[About this task]
Return the entries below word for word. No picture belongs in the copy.

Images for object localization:
┌──
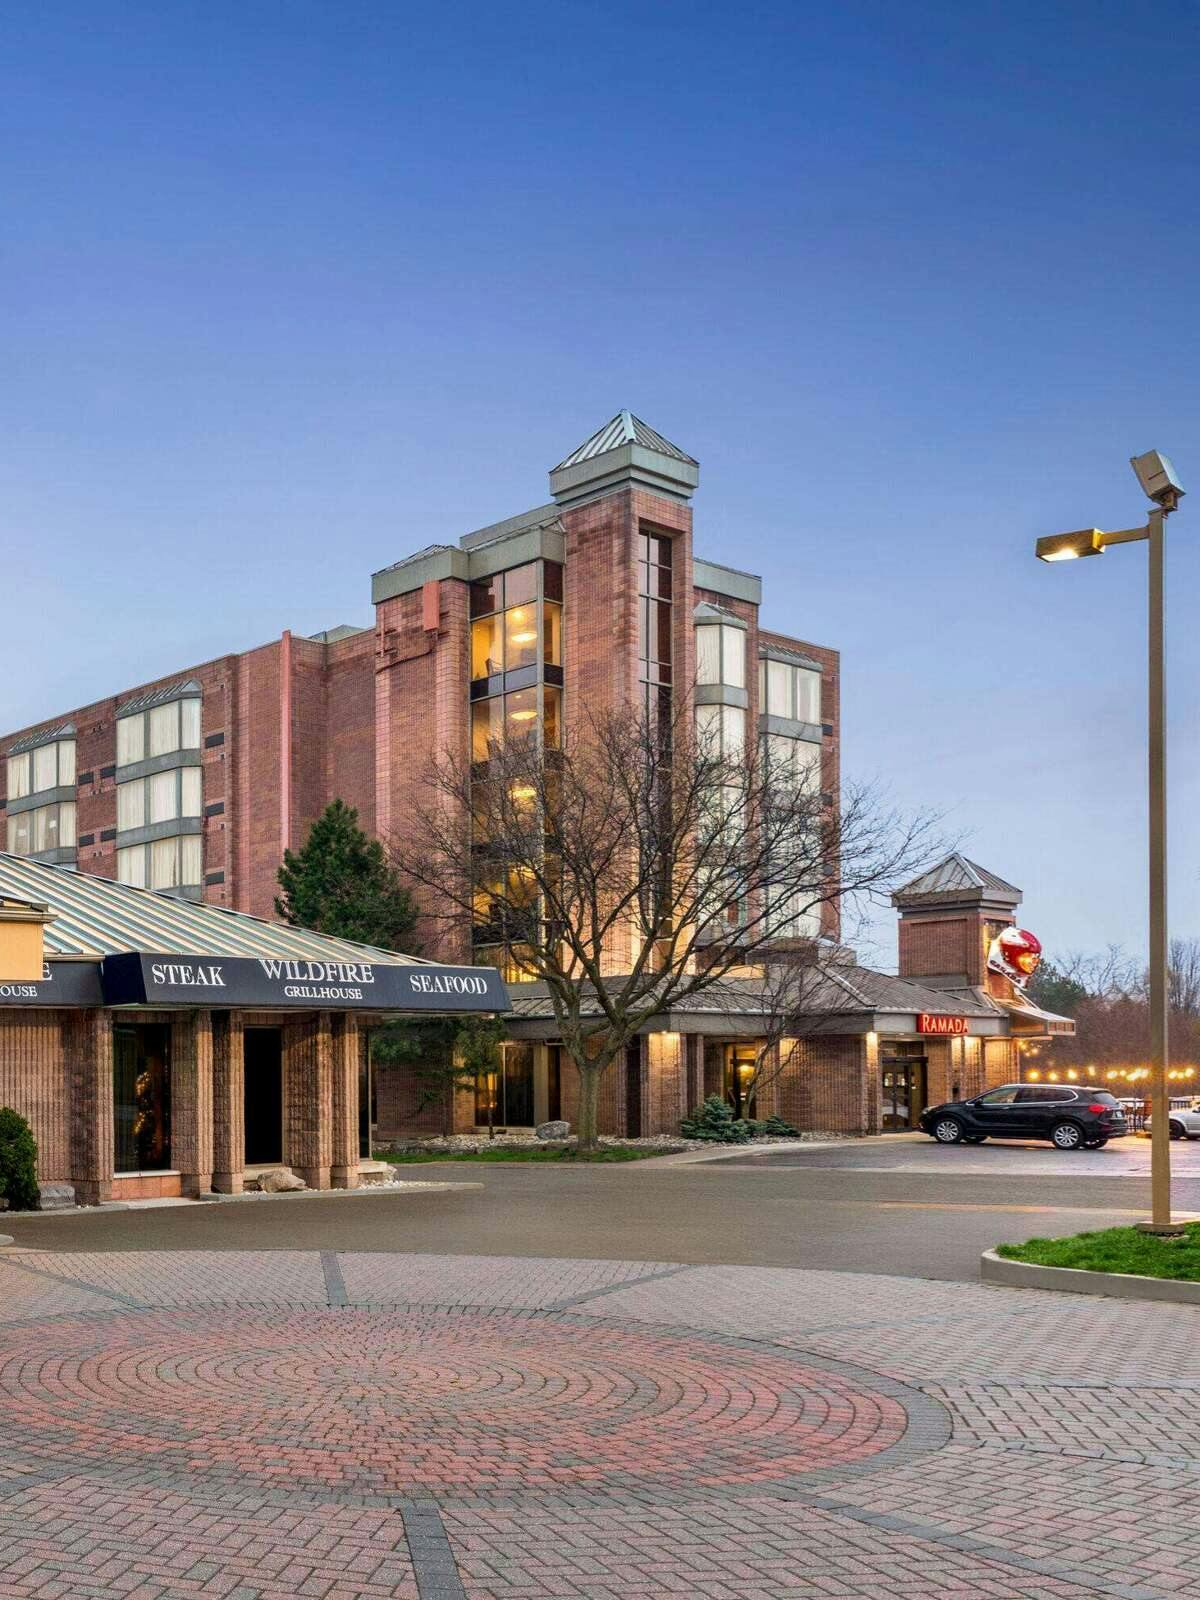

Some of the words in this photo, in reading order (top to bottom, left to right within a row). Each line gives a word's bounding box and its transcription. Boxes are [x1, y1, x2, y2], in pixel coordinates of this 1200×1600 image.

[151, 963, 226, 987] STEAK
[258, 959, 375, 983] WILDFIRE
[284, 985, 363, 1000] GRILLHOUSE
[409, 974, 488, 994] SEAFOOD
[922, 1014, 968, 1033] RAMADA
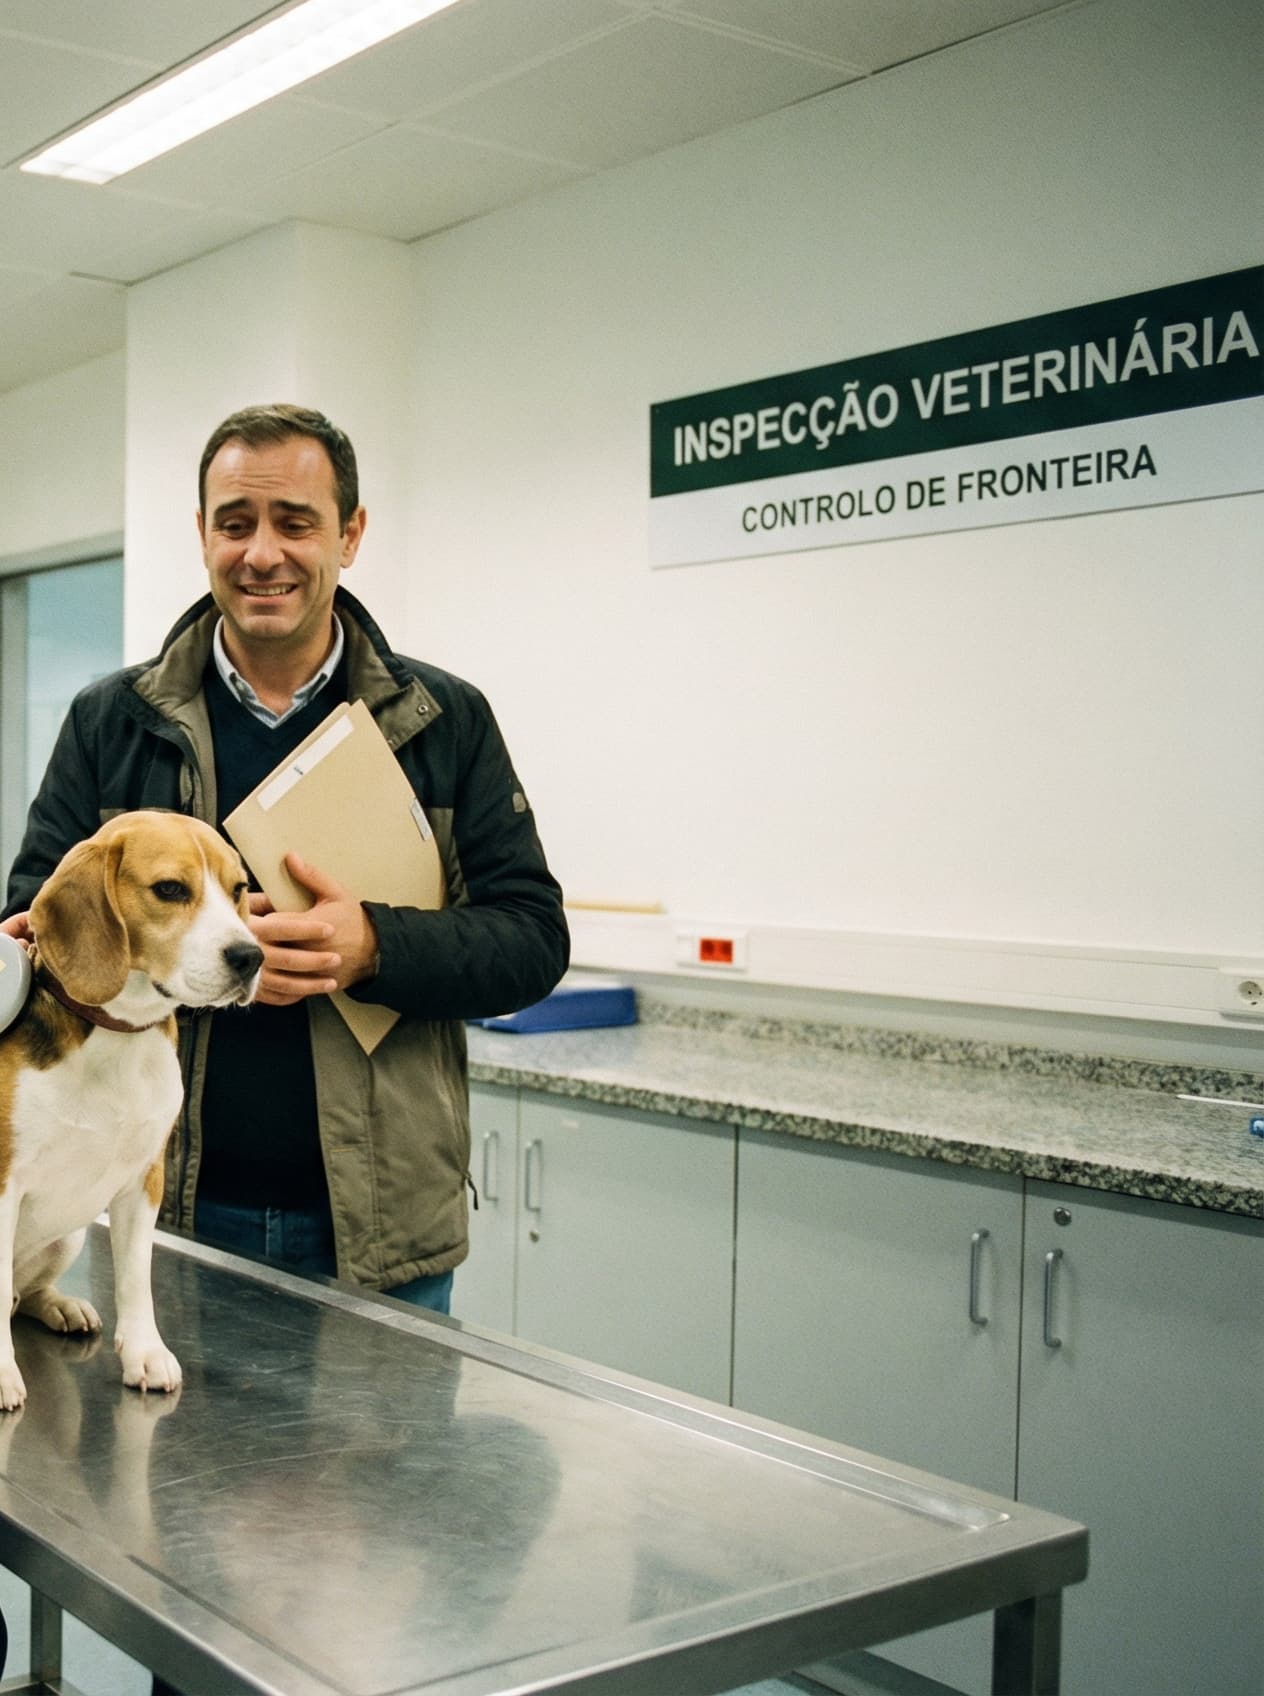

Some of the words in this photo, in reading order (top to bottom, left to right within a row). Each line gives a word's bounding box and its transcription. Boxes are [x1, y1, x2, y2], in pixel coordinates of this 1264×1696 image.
└──
[Written reply]
Some of the words in this photo, in reading order (top to bottom, left to right within a row). Each line gives a word's bounding box and its transcription. Boxes are [x1, y1, x2, y2], in pixel coordinates of this 1200×1600 image.

[151, 963, 226, 987] STEAK
[258, 959, 375, 983] WILDFIRE
[284, 985, 363, 1000] GRILLHOUSE
[409, 974, 488, 994] SEAFOOD
[922, 1014, 968, 1033] RAMADA

Some of the words in this photo, in reading order (top to bottom, left to right within a row). Each line gives a word's bounding box and its transcription. Boxes are [x1, y1, x2, y2], in pixel coordinates of this 1264×1696 image.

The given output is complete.